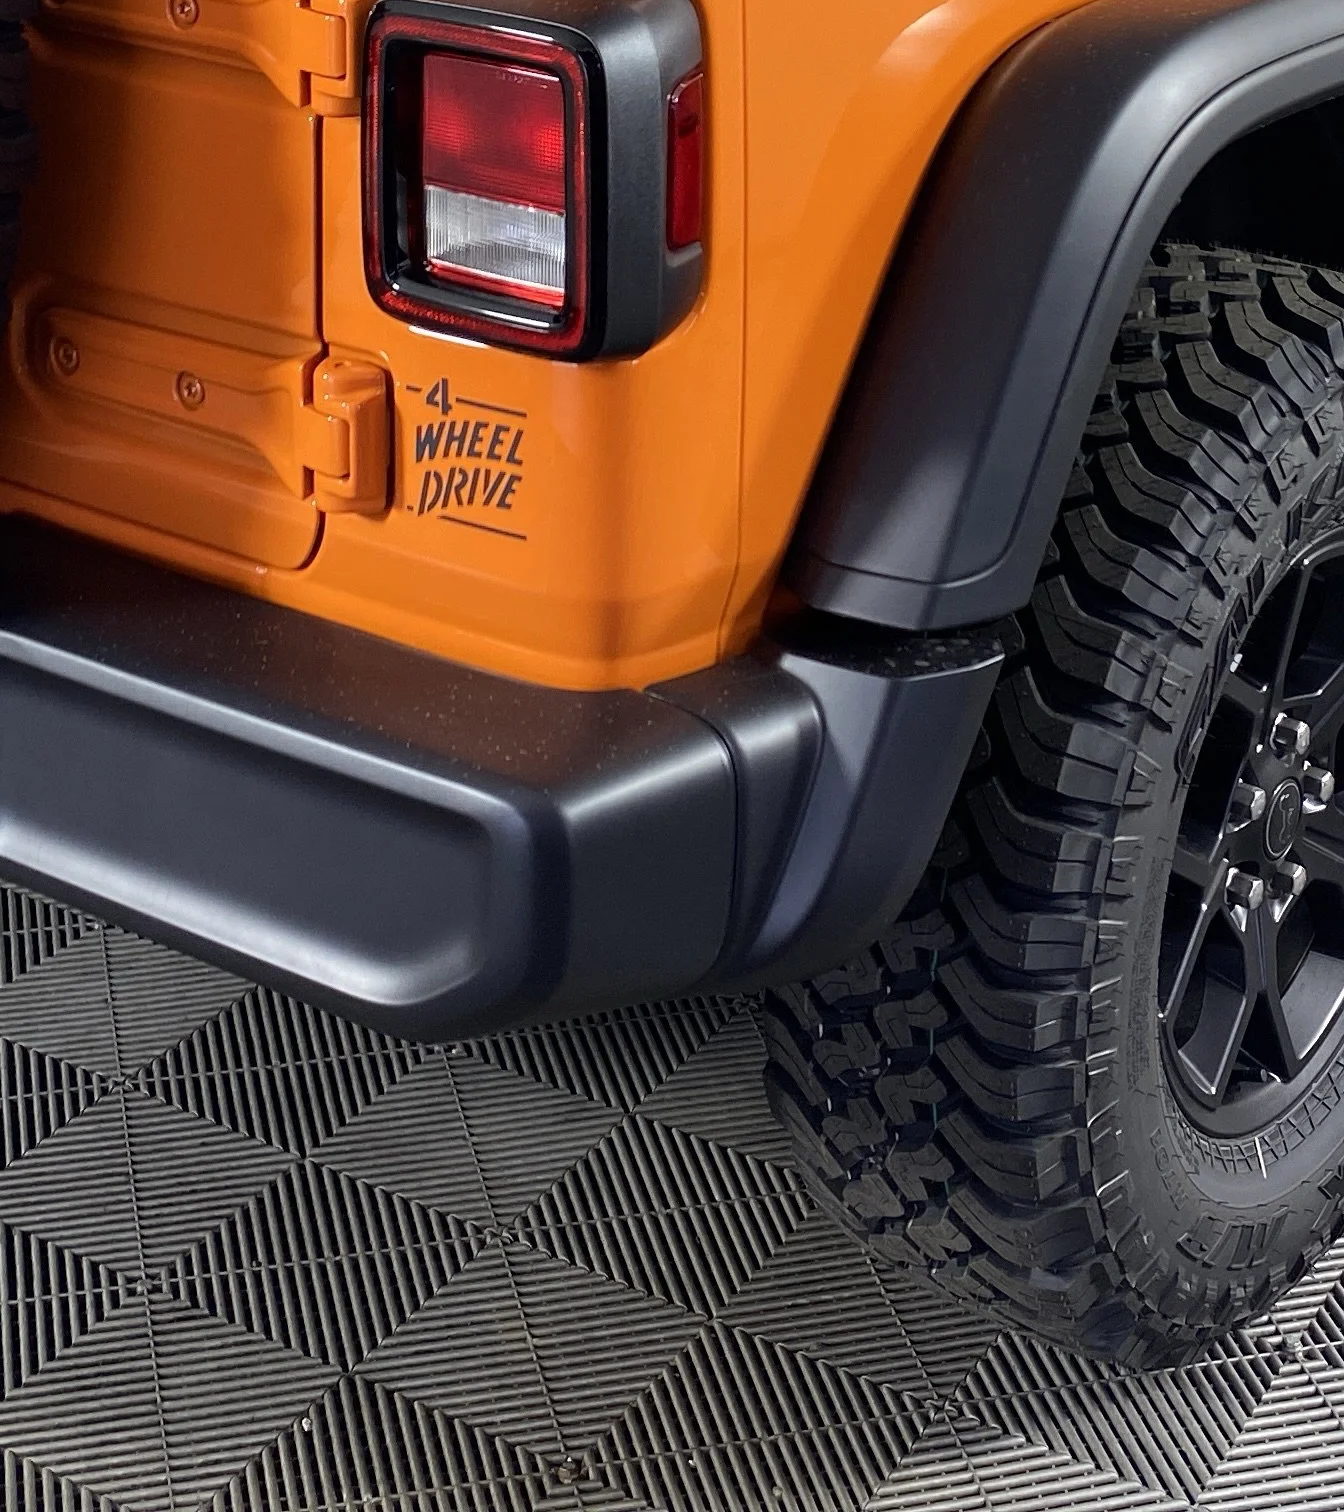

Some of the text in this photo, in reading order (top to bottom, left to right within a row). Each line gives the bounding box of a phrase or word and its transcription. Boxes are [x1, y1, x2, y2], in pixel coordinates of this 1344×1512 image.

[426, 377, 452, 416] 4
[416, 420, 523, 466] WHEEL
[417, 467, 523, 517] DRIVE
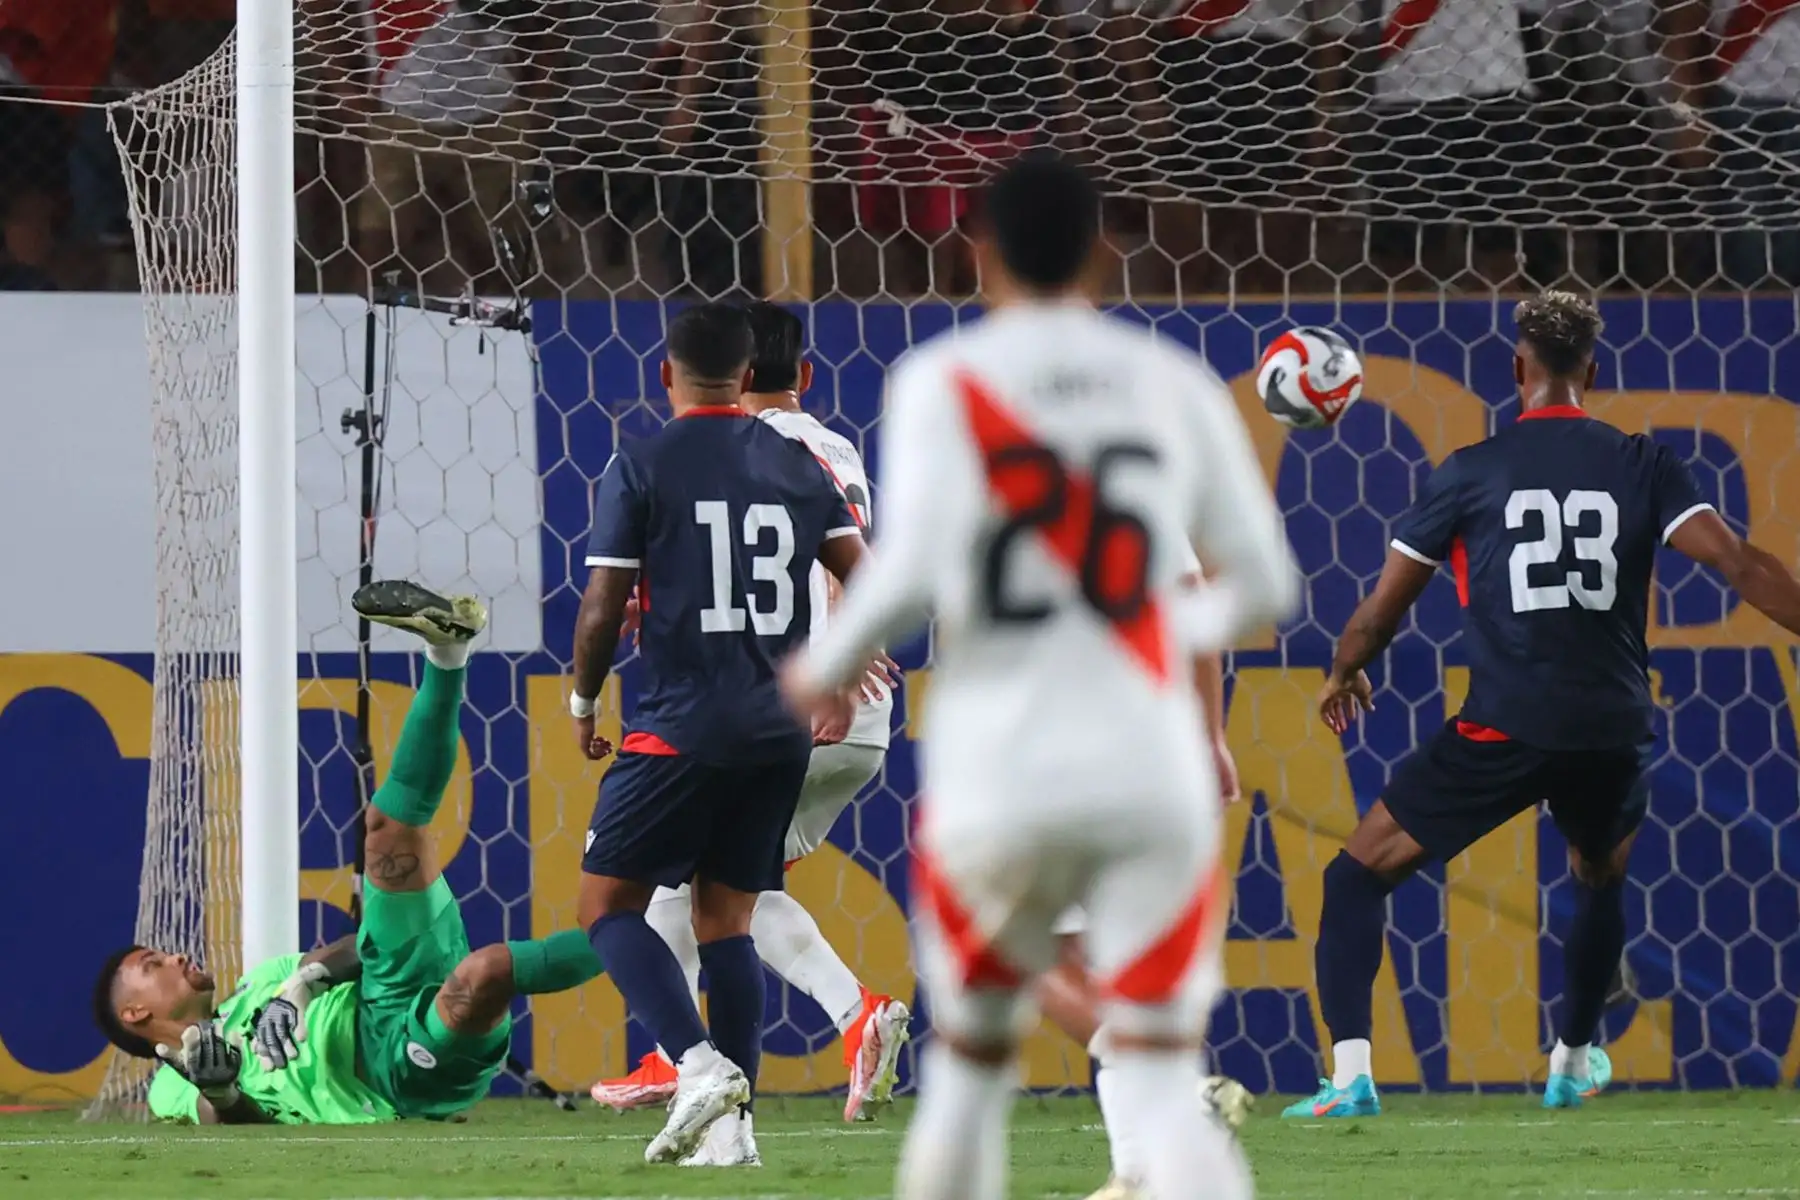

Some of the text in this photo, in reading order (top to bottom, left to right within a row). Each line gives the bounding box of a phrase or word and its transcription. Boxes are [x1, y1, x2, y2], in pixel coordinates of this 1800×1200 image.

[695, 500, 795, 636] 13
[982, 438, 1158, 624] 26
[1504, 488, 1619, 613] 23
[0, 652, 1673, 1096] CRIAL
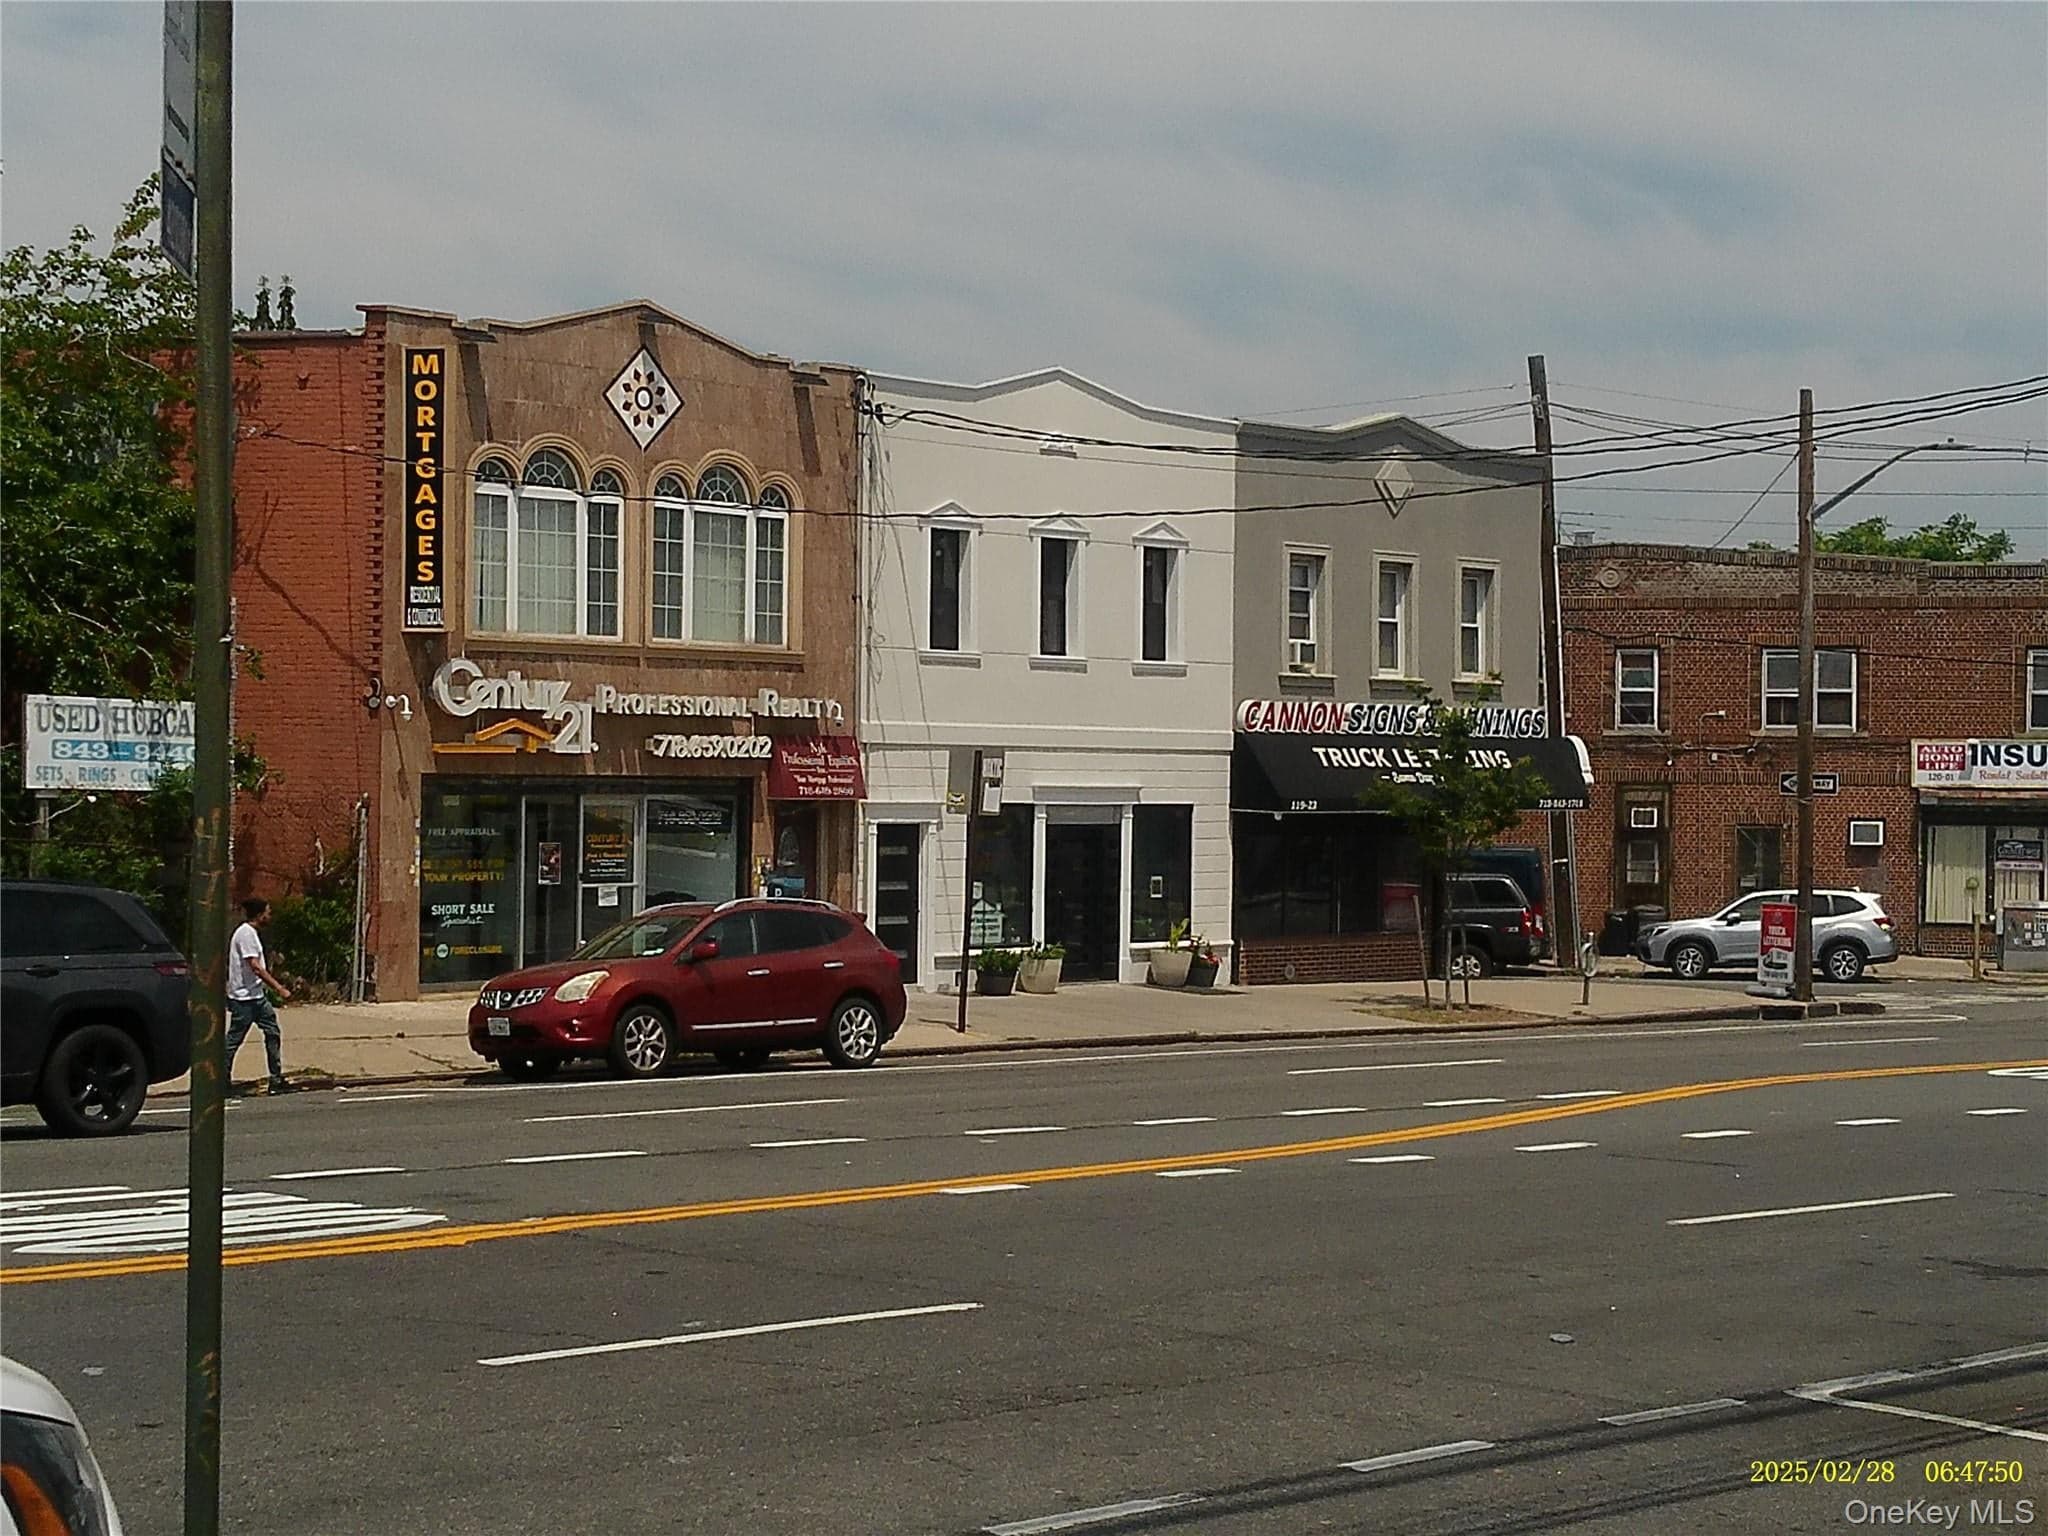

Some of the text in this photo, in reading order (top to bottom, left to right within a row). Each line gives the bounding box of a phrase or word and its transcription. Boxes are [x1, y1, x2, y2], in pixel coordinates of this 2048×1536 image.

[412, 354, 439, 582] MORTGAGES
[433, 657, 571, 720] Century
[597, 685, 836, 719] PROFESSIONAL REALTY
[35, 703, 195, 737] USED HUBCA
[1244, 701, 1345, 732] CANNON
[1348, 704, 1419, 735] SIGNS
[1444, 708, 1547, 738] NINGS
[1312, 747, 1392, 768] TRUCK
[1919, 753, 1964, 762] HOME
[1921, 745, 1963, 753] AUTO
[1969, 743, 2048, 767] INSU
[36, 765, 63, 781] SETS
[78, 767, 116, 782] RINGS
[1925, 762, 1959, 770] LIFE
[1928, 773, 1955, 781] 120-01
[431, 903, 496, 916] SHORT SALE

☆ ☆ ☆

**Exercise brief:**
Repeat the listing in full and exactly. Leave any pictures out.

**Solution to this problem:**
Some of the text in this photo, in reading order (top to bottom, left to right within a row). Each line gives the bounding box of a phrase or word and its transcription. Boxes are [x1, y1, x2, y2], in pixel coordinates of this 1344×1512 image.

[426, 377, 452, 416] 4
[416, 420, 523, 466] WHEEL
[417, 467, 523, 517] DRIVE

Some of the text in this photo, in reading order (top to bottom, left to right within a row). Each line gives the bounding box of a phrase or word and its transcription. Boxes are [x1, y1, x2, y2], in pixel coordinates of this 1800×1200 image.

[695, 500, 795, 636] 13
[982, 438, 1158, 624] 26
[1504, 488, 1619, 613] 23
[0, 652, 1673, 1096] CRIAL

Some of the text in this photo, in reading order (top to bottom, left to right within a row). Each line gives the bounding box of a phrase or word and its transcription. Boxes are [x1, y1, x2, y2], in pixel coordinates of this 2048×1536 image.

[412, 354, 439, 582] MORTGAGES
[433, 657, 571, 720] Century
[597, 685, 836, 719] PROFESSIONAL REALTY
[35, 703, 195, 737] USED HUBCA
[1244, 701, 1345, 732] CANNON
[1348, 704, 1419, 735] SIGNS
[1444, 708, 1547, 738] NINGS
[1312, 747, 1392, 768] TRUCK
[1919, 753, 1964, 762] HOME
[1921, 745, 1963, 753] AUTO
[1969, 743, 2048, 767] INSU
[36, 765, 63, 781] SETS
[78, 767, 116, 782] RINGS
[1925, 762, 1959, 770] LIFE
[1928, 773, 1955, 781] 120-01
[431, 903, 496, 916] SHORT SALE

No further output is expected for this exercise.